**Work to complete**
Down to the last line, reproduce the data that follows, but skip the pictures.

Stored data entries
┄┄┄┄┄┄

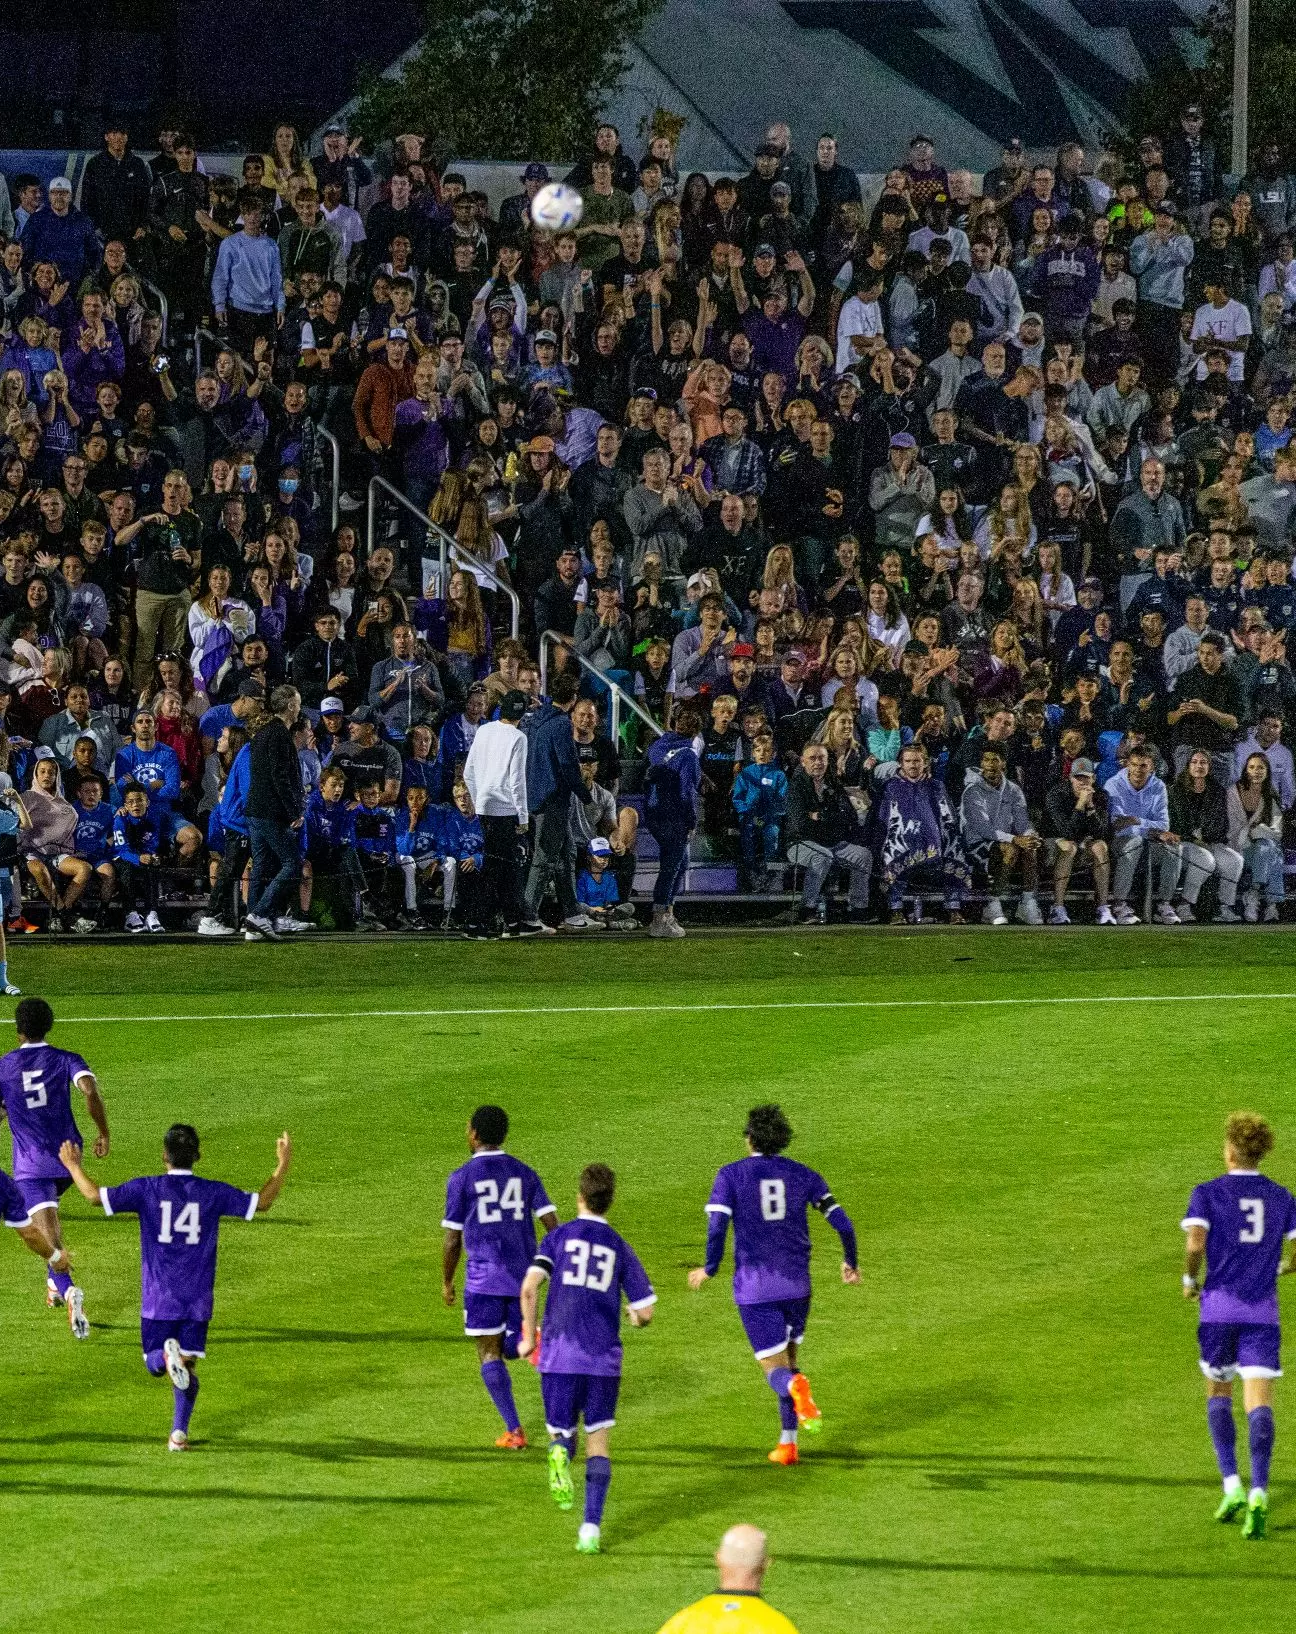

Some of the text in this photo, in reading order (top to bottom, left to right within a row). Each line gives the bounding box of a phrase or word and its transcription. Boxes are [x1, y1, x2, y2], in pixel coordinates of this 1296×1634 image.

[340, 759, 383, 771] Champion
[21, 1069, 47, 1109] 5
[474, 1177, 525, 1224] 24
[759, 1178, 786, 1221] 8
[1239, 1198, 1265, 1243] 3
[157, 1200, 201, 1245] 14
[562, 1238, 616, 1293] 33

┄┄┄┄┄┄

**Output for this exercise**
Some of the text in this photo, in reading order (top to bottom, left to right within a row). Each line gives the bounding box of a phrase or word and its transcription. Boxes are [x1, y1, x2, y2], in pixel coordinates of this 1296×1634 image.

[340, 759, 383, 771] Champion
[21, 1069, 47, 1109] 5
[474, 1177, 525, 1224] 24
[759, 1178, 786, 1221] 8
[1239, 1198, 1265, 1243] 3
[157, 1200, 201, 1245] 14
[562, 1238, 616, 1293] 33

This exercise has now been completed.